Elevated Water CO 2 Can Prevent Dietary-Induced Osteomalacia in Post-Smolt Atlantic Salmon ( Salmo salar , L.).

Expansion of land-based systems in fish farms elevate the content of metabolic carbon dioxide (CO 2 ) in the water. High CO 2 is suggested to increase the bone mineral content in Atlantic salmon ( Salmo salar , L.). Conversely, low dietary phosphorus (P) halts bone mineralization. This study examines if high CO 2 can counteract reduced bone mineralization imposed by low dietary P intake. Atlantic salmon post-seawater transfer (initial weight 207.03 g) were fed diets containing 6.3 g/kg (0.5P), 9.0 g/kg (1P), or 26.8 g/kg (3P) total P for 13 weeks.
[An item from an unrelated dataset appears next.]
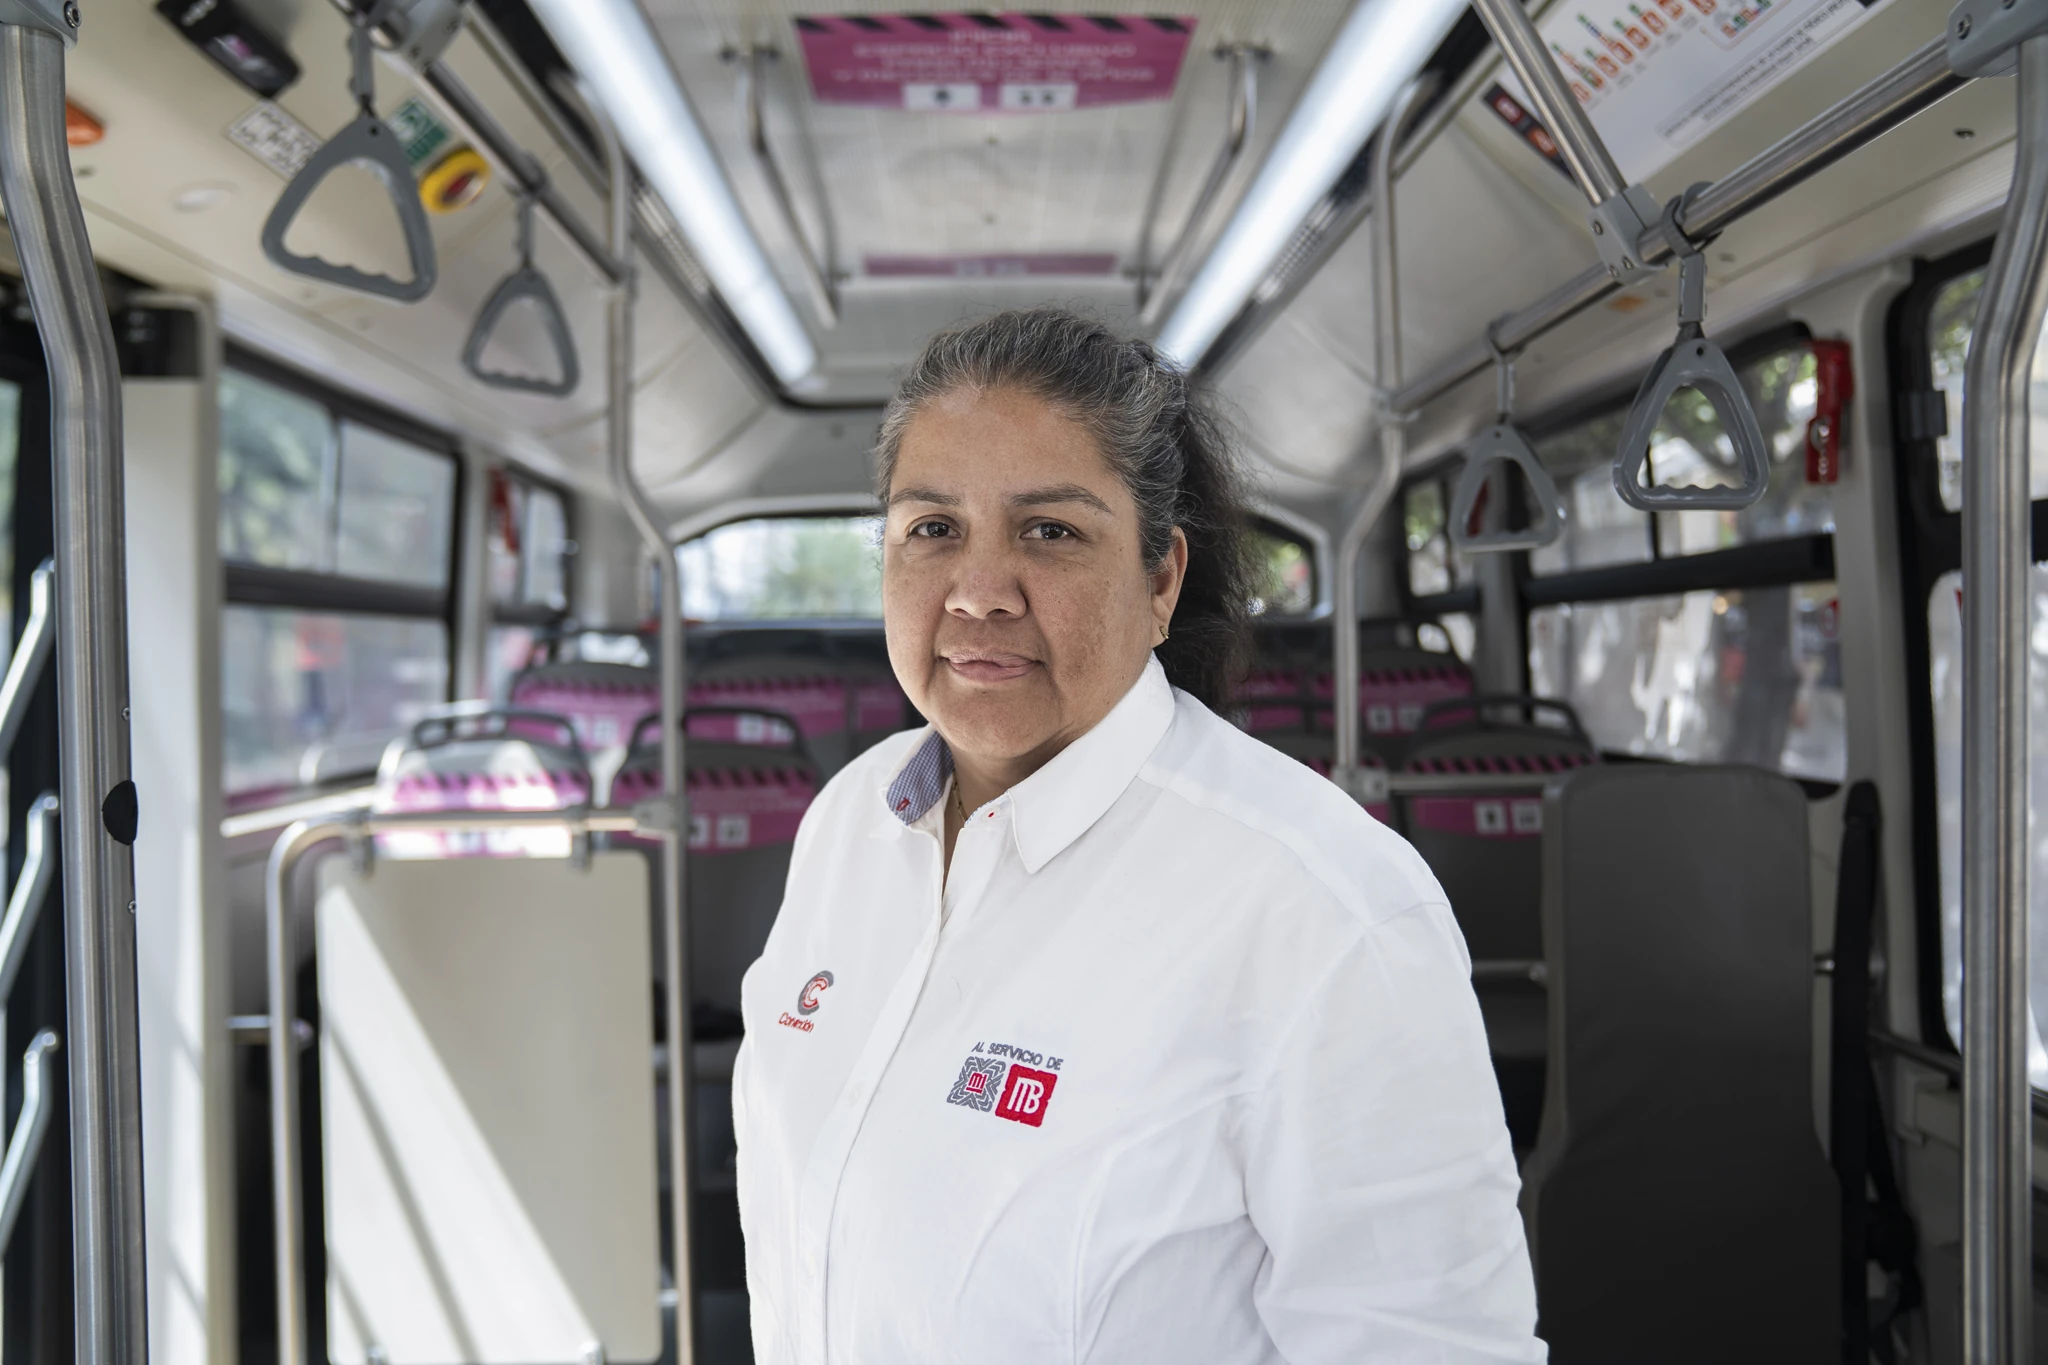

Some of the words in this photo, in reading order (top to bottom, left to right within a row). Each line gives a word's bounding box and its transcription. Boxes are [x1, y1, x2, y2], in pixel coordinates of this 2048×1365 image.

Atlantic salmon from all dietary P groups were reared in seawater which was not injected with CO 2 and contained a regular CO 2 level (5 mg/L) or in seawater with injected CO 2 thus raising the level to 20 mg/L. Atlantic salmon were analyzed for blood chemistry, bone mineral content, vertebral centra deformities, mechanical properties, bone matrix alterations, expression of bone mineralization, and P metabolism-related genes. High CO 2 and high P reduced Atlantic salmon growth and feed intake. High CO 2 increased bone mineralization when dietary P was low. Atlantic salmon fed with a low P diet downregulated the fgf23 expression in bone cells indicating an increased renal phosphate reabsorption. The current results suggest that reduced dietary P could be sufficient to maintain bone mineralization under conditions of elevated CO 2 . This opens up a possibility for lowering the dietary P content under certain farming conditions.